The Myth of Invisibility
“Invisibility bears power and powerlessness at the same time,” says Okri. “In ancient cultures, it was a gift of the gods. Jesus, for example, walks unrecognized among his disciples, and in Greek myths, Scandinavian legends and ancient African tales, heroes are gifted invisibility in the form of cloaks, sandals or spells. Modern works like the two ‘Invisible Man’ novels, by H.G. Wells (1897) and Ralph Ellison (1952), and the ‘Harry Potter’ novels (1997-2007) by J.K. Rowling reach back to those ideas. But today, people talk about visibility as the highest form of social agency, while invisibility can render a whole class, race, caste or gender unseen.”

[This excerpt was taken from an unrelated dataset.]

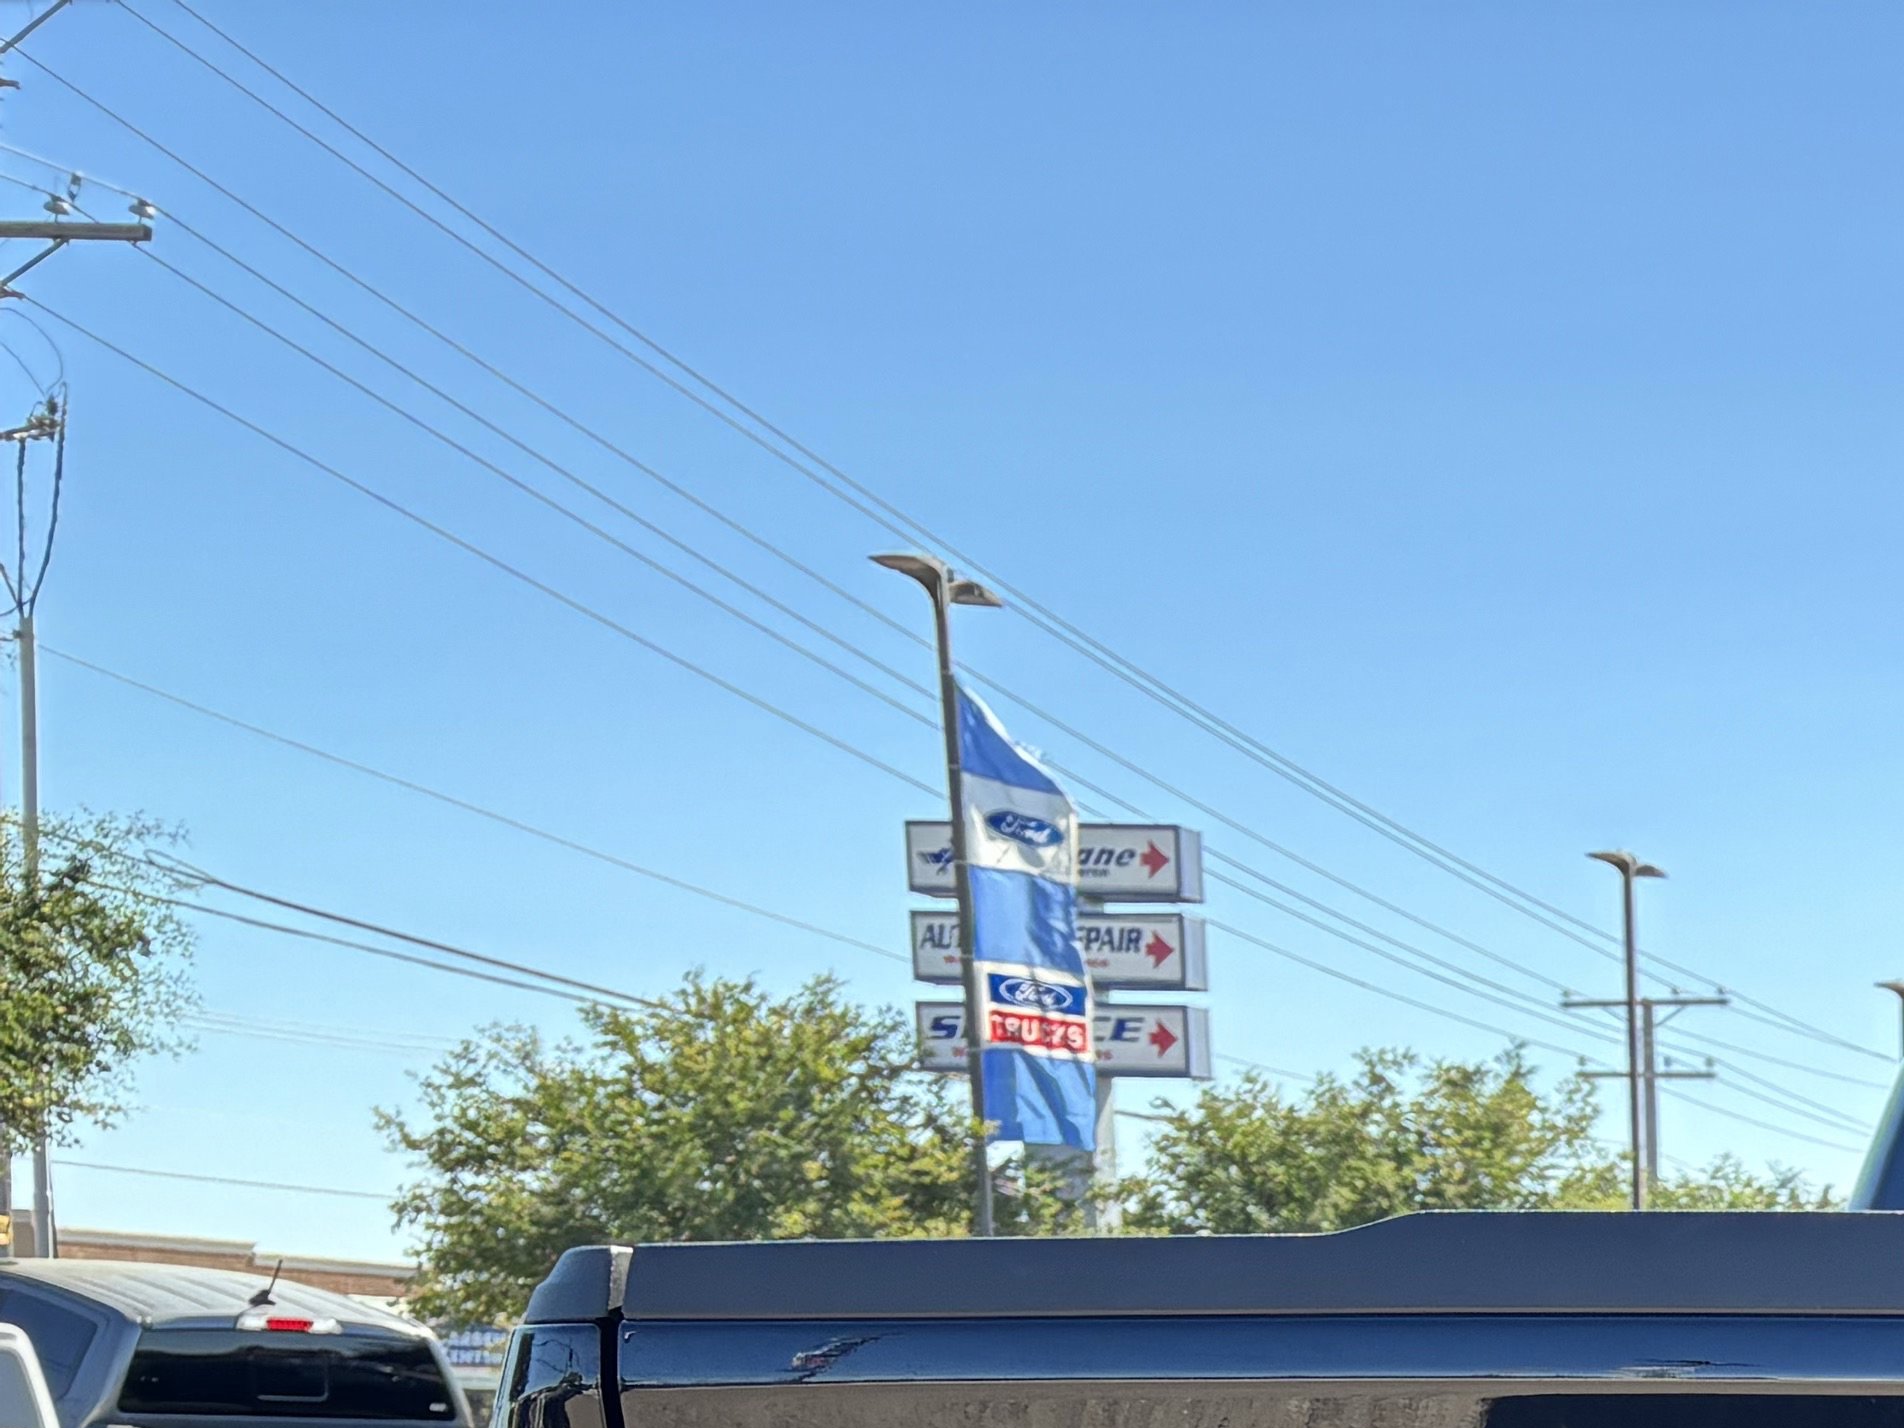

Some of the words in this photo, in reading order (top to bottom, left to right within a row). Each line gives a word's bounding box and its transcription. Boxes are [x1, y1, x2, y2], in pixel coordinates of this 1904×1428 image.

[1078, 847, 1136, 867] ane
[919, 922, 961, 949] AUT
[1077, 925, 1143, 953] PAIR

The Myth of Steadiness vs. Speed
“‘The Tortoise and the Hare,’ one of Aesop’s fables (sixth century B.C.), doesn’t necessarily strike a younger person as promising — possibly it has a whiff of morality in it,” says Yiyun Li, 53, the author of “A Thousand Years of Good Prayers” (2005) and “Dear Friend, From My Life I Write to You in Your Life” (2017). “But the longer I live and work, the more I understand that it’s the tortoiseness in a person that carries one along, not the swiftness of the mind and body of the hare.”
The Myth of Magic
“Ancient magical tales like Homer’s ‘Odyssey’ (late eighth to early seventh century B.C.) were allegories of transformation, of secret teachings,” says Okri, “whereas modern forms of magic are narrative devices and tropes of storytelling that continue the child’s wonder of life. I think of F. Scott Fitzgerald’s ‘The Great Gatsby’ (1925), Gabriel García Márquez’s ‘One Hundred Years of Solitude’ (1967) and, again, the ‘Harry Potter’ books. The intuition of magic persists even in these atheistic and science-infested times, where nothing is to be believed if it can’t be subjected to analysis. This is perhaps because the ultimate magic confronts us every day in the mystery of consciousness. That we can see anything is magical; that we experience love is magical; and perhaps the most magical thing of all is the imagination’s unending power to alter the contents and coordinates of reality. It hides tenaciously in the act of reading, which is the most generative act of magic.”
The Myth of the Immortal Soul
“ ‘The soul is birthless and eternal, imperishable and timeless and is not destroyed when the body is destroyed,’ says Krishna in the ‘Bhagavad Gita’ (second century-first century B.C.). This belief in the immortality of the soul — what used to be called Pythagoreanism in ancient Greece — is still the most pervasive myth in India,” says Taseer, “and has more influence over behavior and how one lives one’s life than any other.”
These interviews have been edited and condensed.